Eleanor took a seat at the edge of one of the chairs.

“Oh, you should go to see York with Miles, Eleanor. You could drive there . . .” Gwen turned to Miles. “You have a car.” He nodded. “Then you could come home on the train, Eleanor, when you’ve seen the town. Or come back here together. York’s wonderful.” She looked back and forth between them. “With a rather famous train station. You’ll work it out.”

“We should,” Miles agreed with satisfaction.

Eleanor looked over at Mead. “So, let’s go,” she said to Miles and hooked her arm in his proffered arm.

Eleanor guided Miles out of the driveway and past the small villages she knew. “Thorpe, thwaite,” she told
him, “that’s what they call villages around here,” she said. “No, really they do!”

He’d already mentioned how good she looked, how impertinent it was to come without reaching her first, but he’d tried as long as he could, he’d insisted, and she was happy to watch the countryside go by, with Miles driving and the window rolled halfway down.

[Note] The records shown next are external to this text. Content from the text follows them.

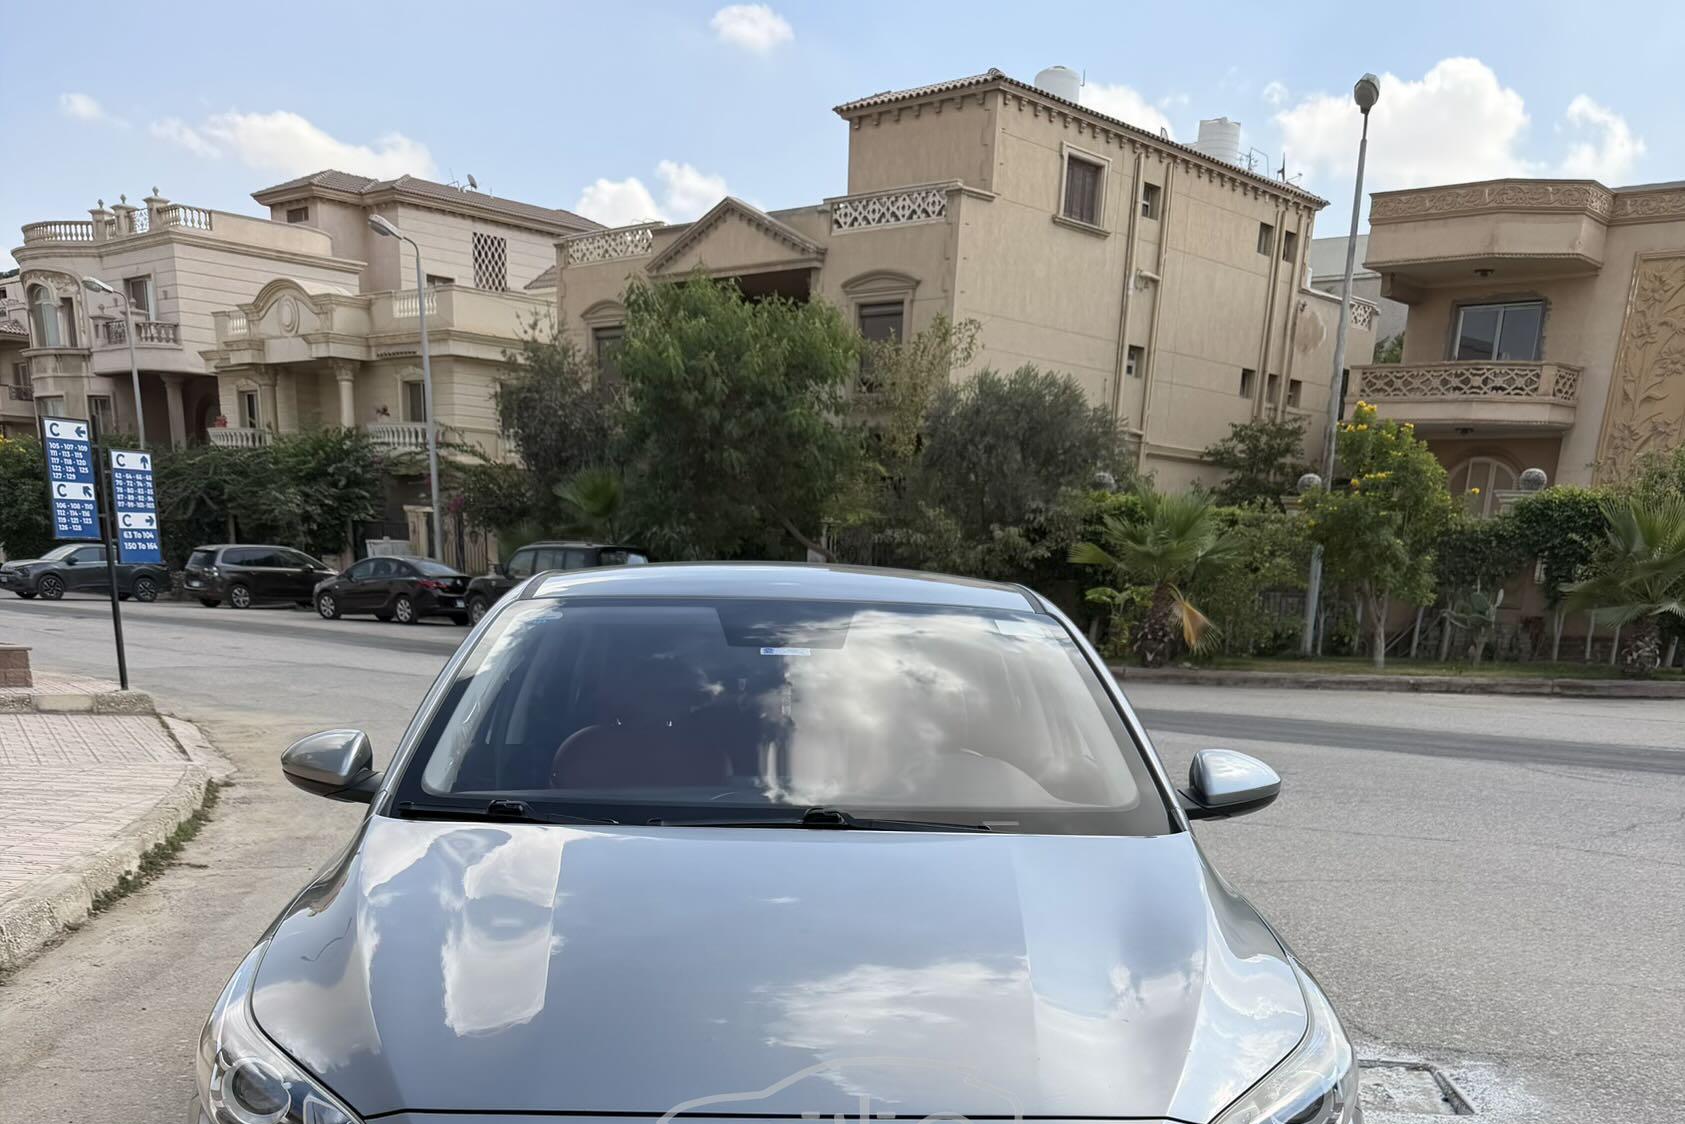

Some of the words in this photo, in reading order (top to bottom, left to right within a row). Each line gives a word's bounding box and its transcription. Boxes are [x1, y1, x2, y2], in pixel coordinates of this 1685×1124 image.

[50, 423, 60, 436] C
[116, 454, 125, 466] C
[57, 484, 67, 497] C
[122, 514, 132, 527] C
[133, 531, 142, 539] To
[142, 531, 154, 539] 104
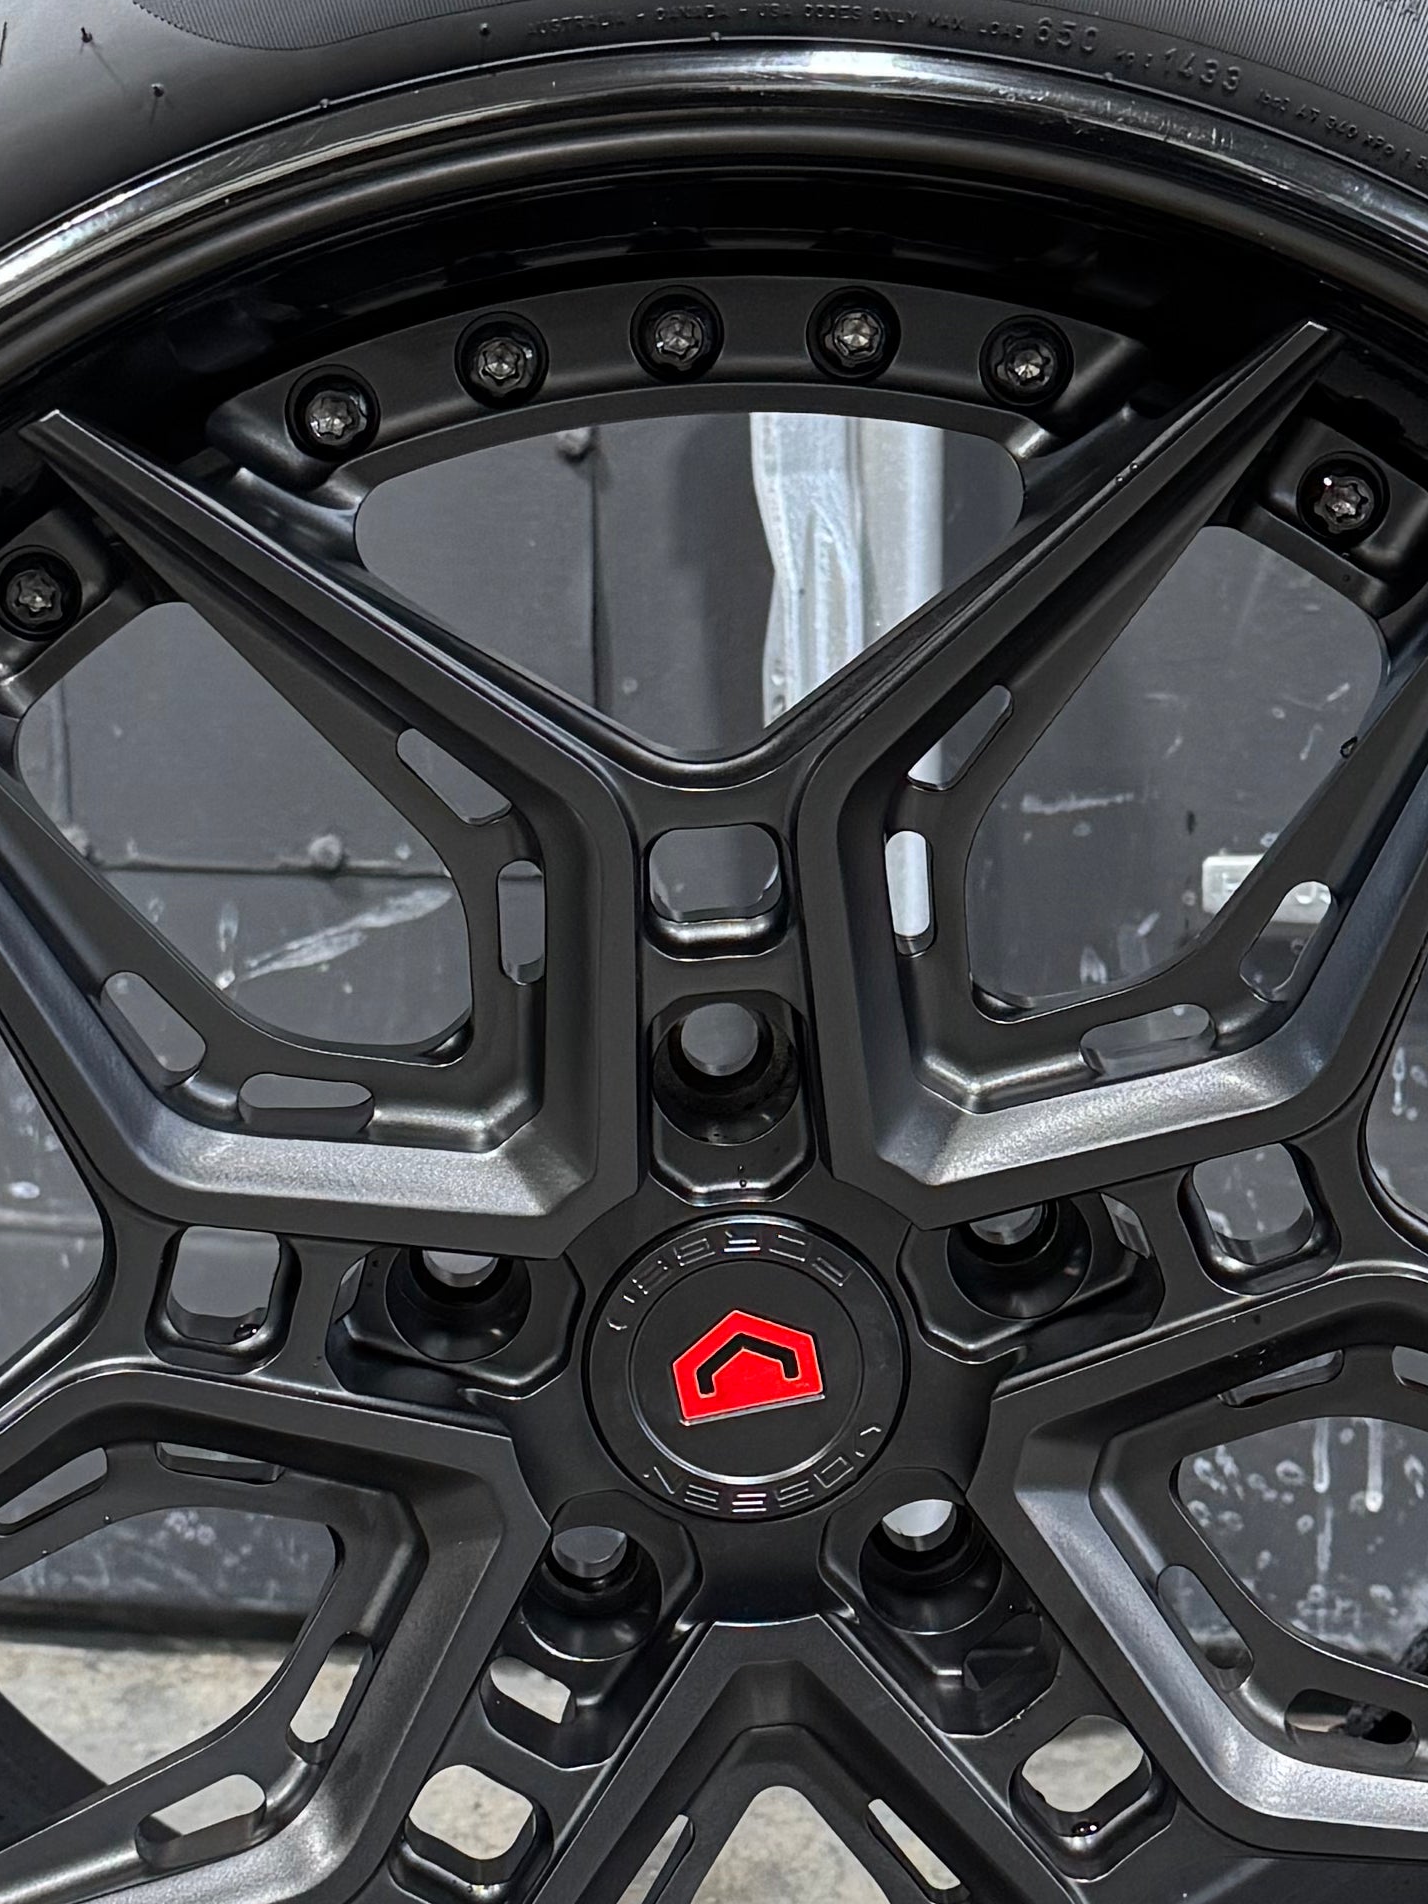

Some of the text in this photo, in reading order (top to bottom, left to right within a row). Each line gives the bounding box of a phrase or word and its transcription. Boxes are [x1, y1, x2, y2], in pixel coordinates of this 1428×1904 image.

They’d been driving quietly for miles when he asked, “What’s the story with Mead?”

“Mead’s part of the family,” Eleanor answered.

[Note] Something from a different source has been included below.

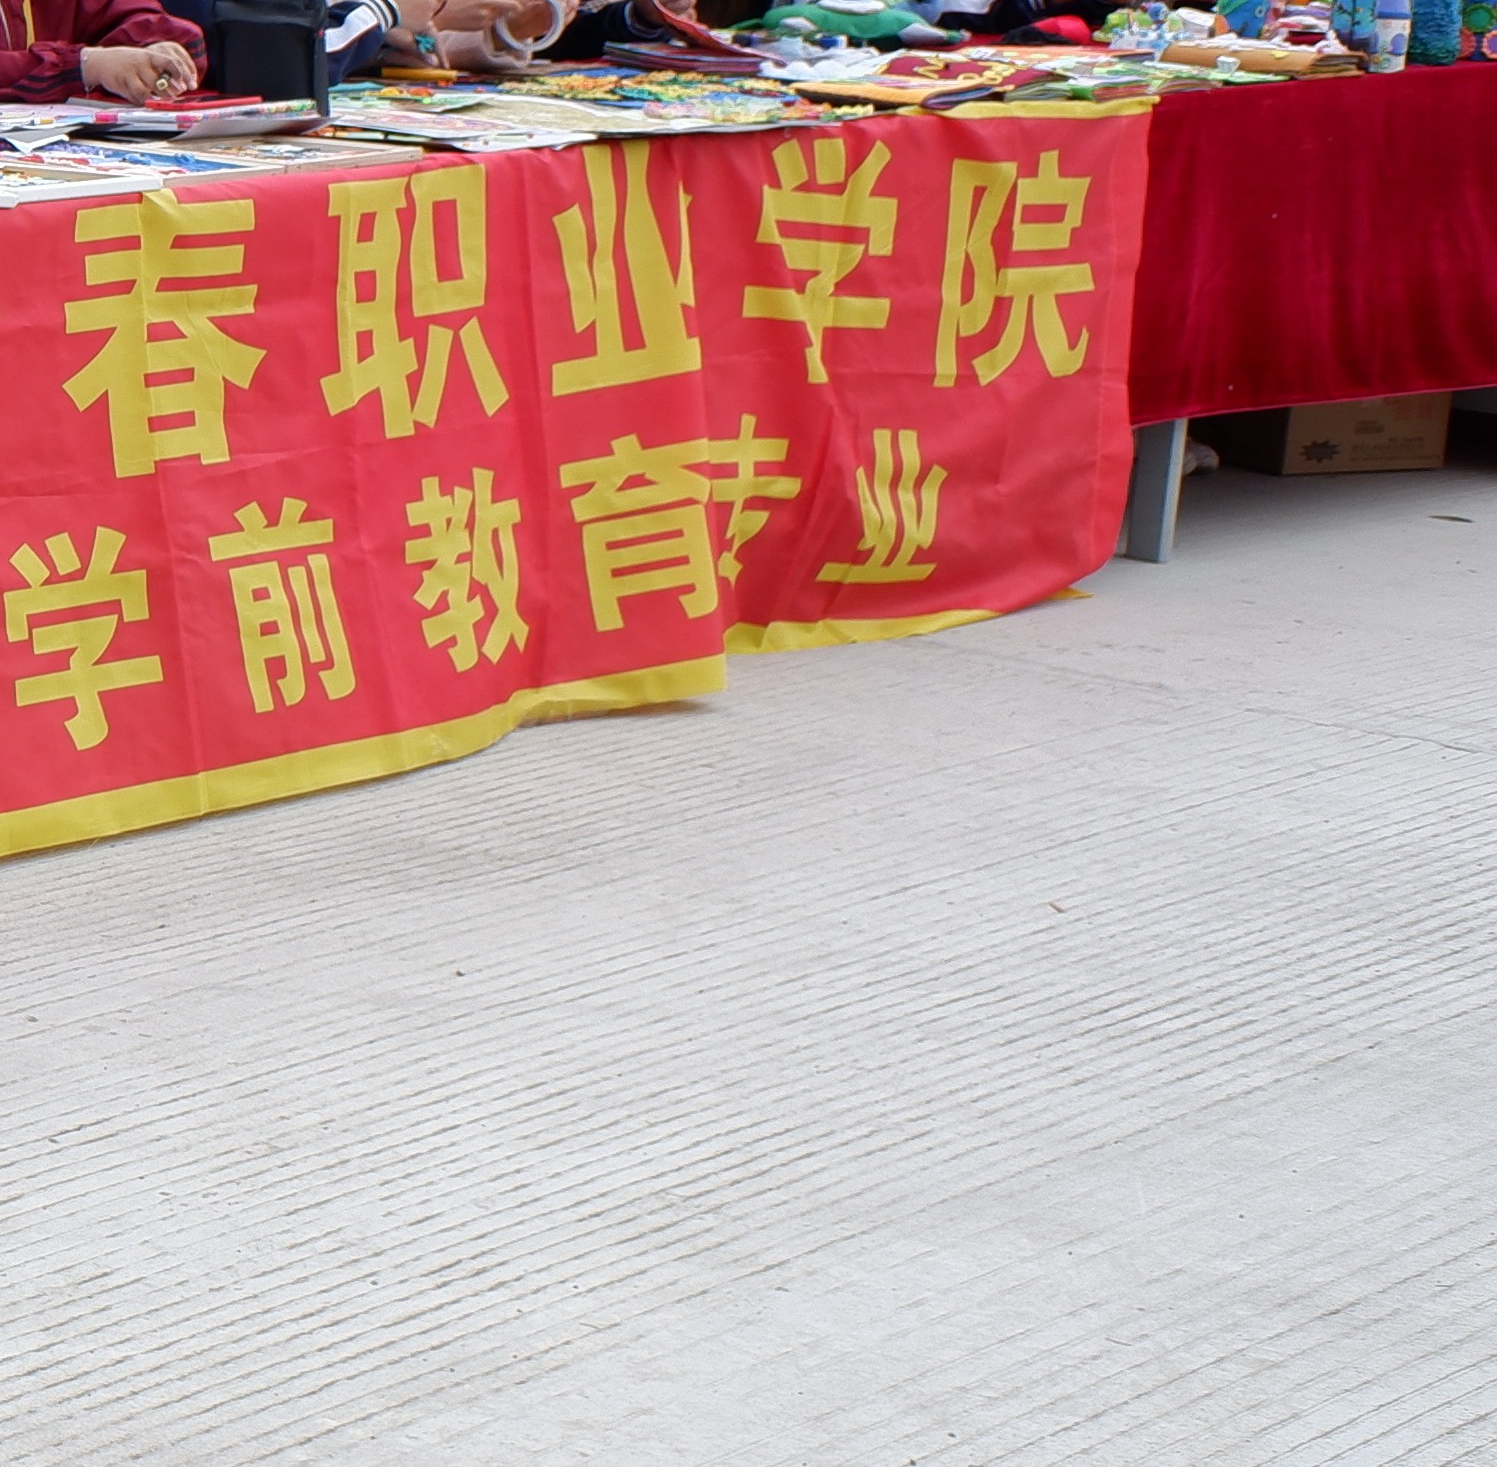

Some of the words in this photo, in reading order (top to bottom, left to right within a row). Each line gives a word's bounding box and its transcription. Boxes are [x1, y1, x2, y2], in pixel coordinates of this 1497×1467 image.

“He seemed upset.” Miles was fishing.

“He was.”

“About Alice . . . ? Or was it me?”

“It’s not you.”

“You looked pretty happy coming in off that ride.”

“I was.” She glared at the side of his face. “You really want to talk about looking happy?”

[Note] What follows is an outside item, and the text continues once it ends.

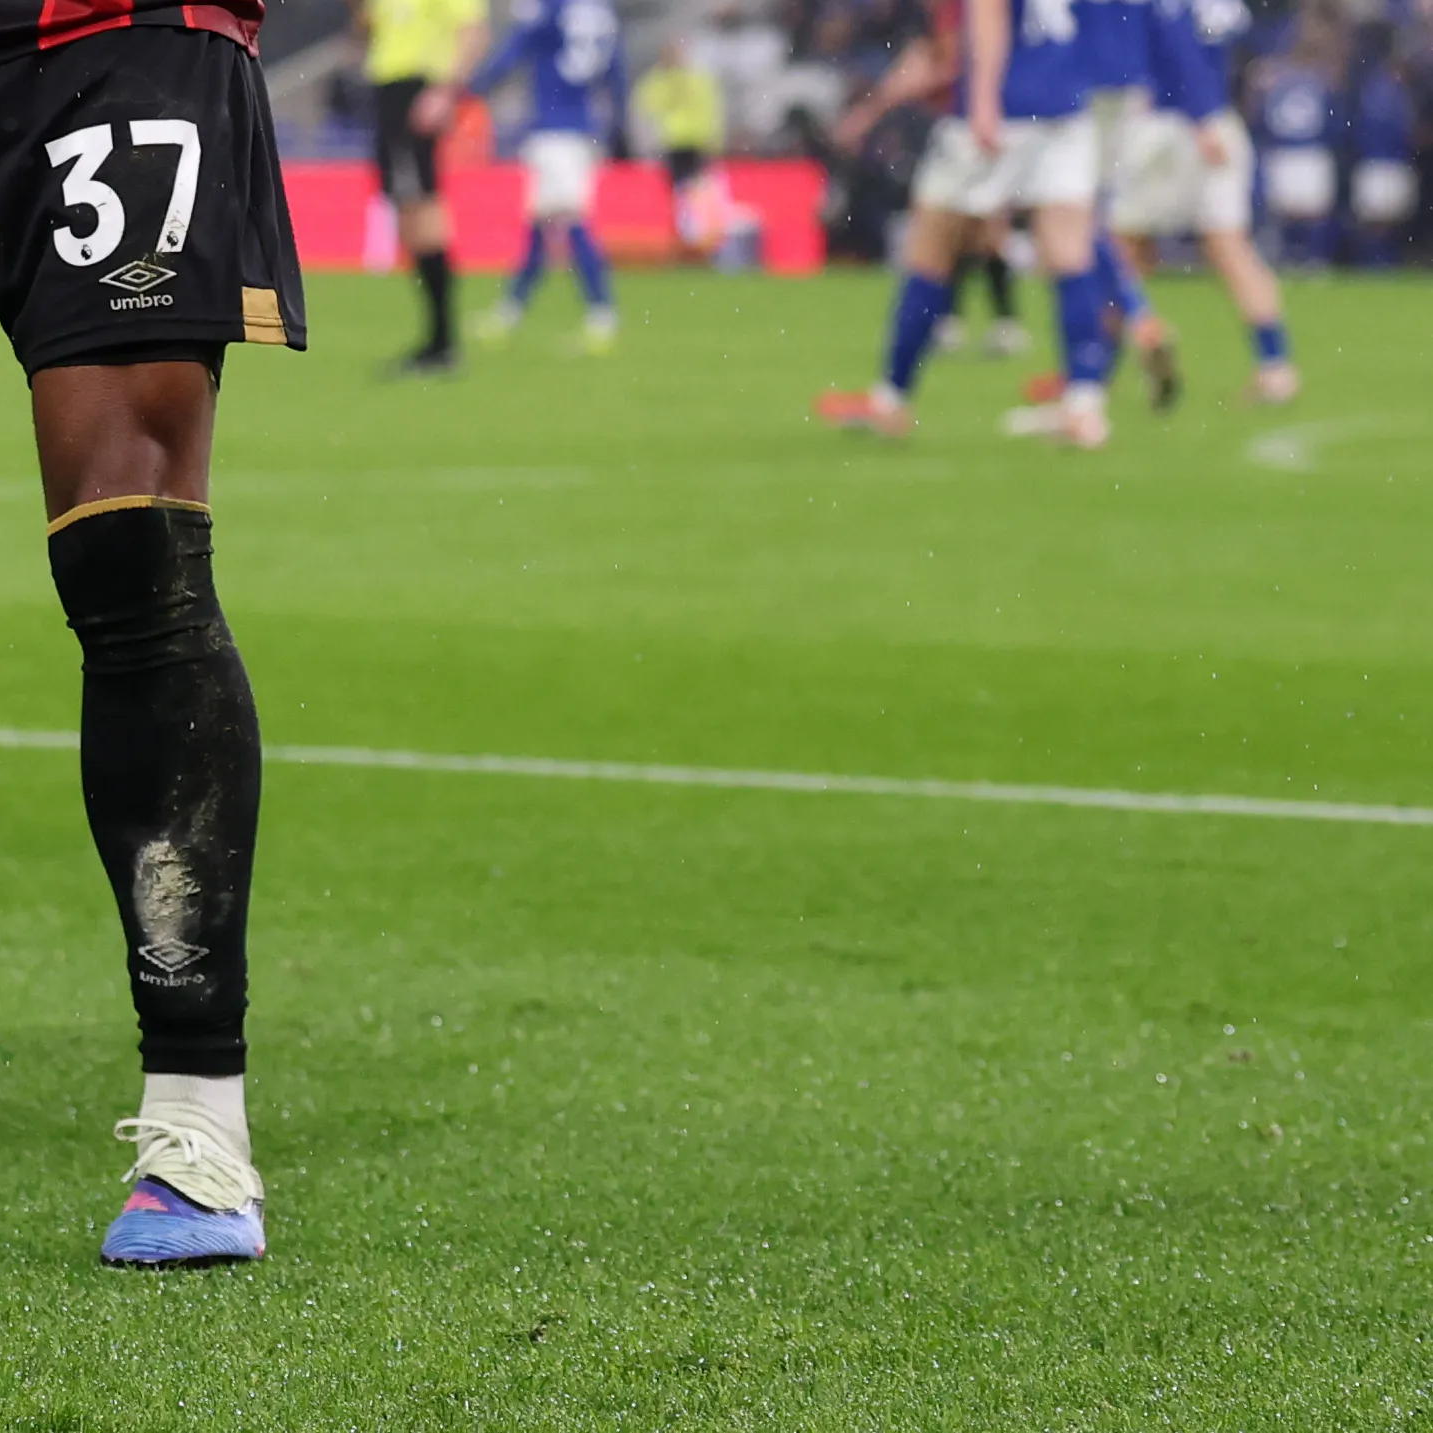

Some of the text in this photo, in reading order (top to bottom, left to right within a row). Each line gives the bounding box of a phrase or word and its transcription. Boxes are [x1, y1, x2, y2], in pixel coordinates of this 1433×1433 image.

He downshifted the gear stick to pick up some traction.

In time they’d talk about that night, but she was distracted. It wasn’t just a bad habit that ran in the blood; Emily had called it a curse.

“Do you remember snipe hunts?” she asked Miles after a long road of silence.

“What brought that up?”

“Do you remember them?”

“I don’t think I ever went on one. Did you?”

“Yep.” She nodded. “Once at camp. I mean, I wasn’t the
worst fool. I knew it was fake, but everyone kind of went along and there were a couple of kids who took it seriously and they were the ones who wound up crying when it was obvious—you know, eventually it gets kind of obvious there’s no such thing as a snipe, after the sun’s gone down and you’ve these bags in your hands with marshmallows on a hook to catch them.”

“What are you saying, exactly?”

The woolly sheep sometimes seemed to smile when they watched the cars go by. Eleanor wondered if they knew what a rarity they were, in the big world.

“The older kids are in the trees making snipe sounds and telling you to run this way then that way. It’s sometimes what it’s been like, being here. Starting with that night I walked in on you, really. A rite of passage, more like a hazing . . .” Her voice trailed off.

Miles pulled over to the side of the road and parked, stretched his arm across the back of her seat, rested his hand on her shoulder, and she flinched.

“You’re not comfortable, I know,” he said. “It was wrong to just show up.”

She glanced at him, then out the window. “I don’t want to talk about serious things yet.”

Having him next to her, she began to see the tapestry of things take shape. Threads hanging that hadn’t been woven in. The man in her mother’s letters, Martin Garrens, might still be in Scarborough, for one thing. She could hunt for
Emily’s letters in the house, see if they were there somewhere after all, see what was in them. She wanted to find out what it meant that Mead had his own land somewhere, what he made of what had happened with his father, and why he didn’t live there. Not that she wanted him to live there.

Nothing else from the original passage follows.